Reproduce all of the records word for word, omitting the pictures.

╭─ Information supplied

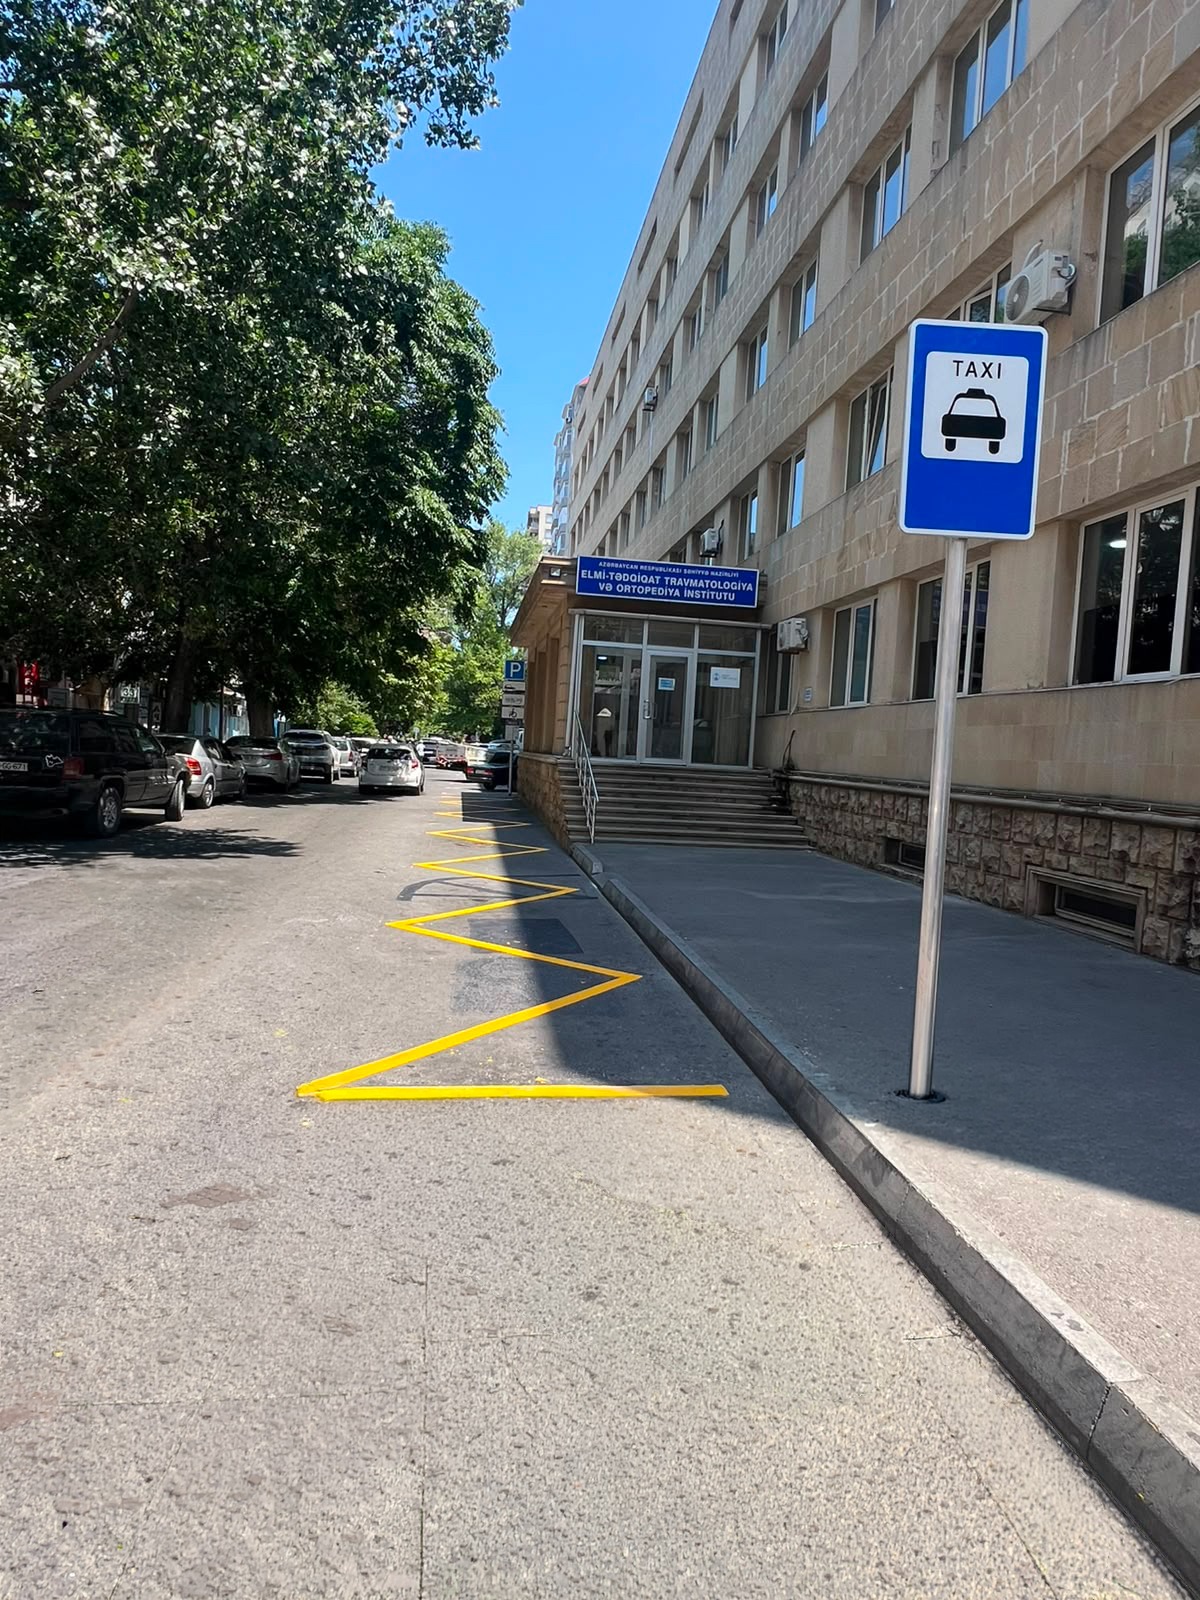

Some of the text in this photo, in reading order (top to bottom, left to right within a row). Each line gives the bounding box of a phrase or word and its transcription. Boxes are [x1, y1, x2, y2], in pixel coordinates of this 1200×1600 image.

[953, 360, 1002, 379] TAXI
[598, 561, 638, 570] AZƏRBAYCAN
[581, 569, 753, 592] ELMİ-TƏDQİQAT TRAVMATOLOGİYA
[598, 582, 736, 601] VƏ ORTOPEDİYA İNSTİTUTU
[510, 662, 521, 677] P

╰─

Result —
Some of the text in this photo, in reading order (top to bottom, left to right within a row). Each line gives the bounding box of a phrase or word and its transcription. Boxes are [x1, y1, x2, y2], in pixel coordinates of this 1200×1600 image.

[953, 360, 1002, 379] TAXI
[598, 561, 638, 570] AZƏRBAYCAN
[581, 569, 753, 592] ELMİ-TƏDQİQAT TRAVMATOLOGİYA
[598, 582, 736, 601] VƏ ORTOPEDİYA İNSTİTUTU
[510, 662, 521, 677] P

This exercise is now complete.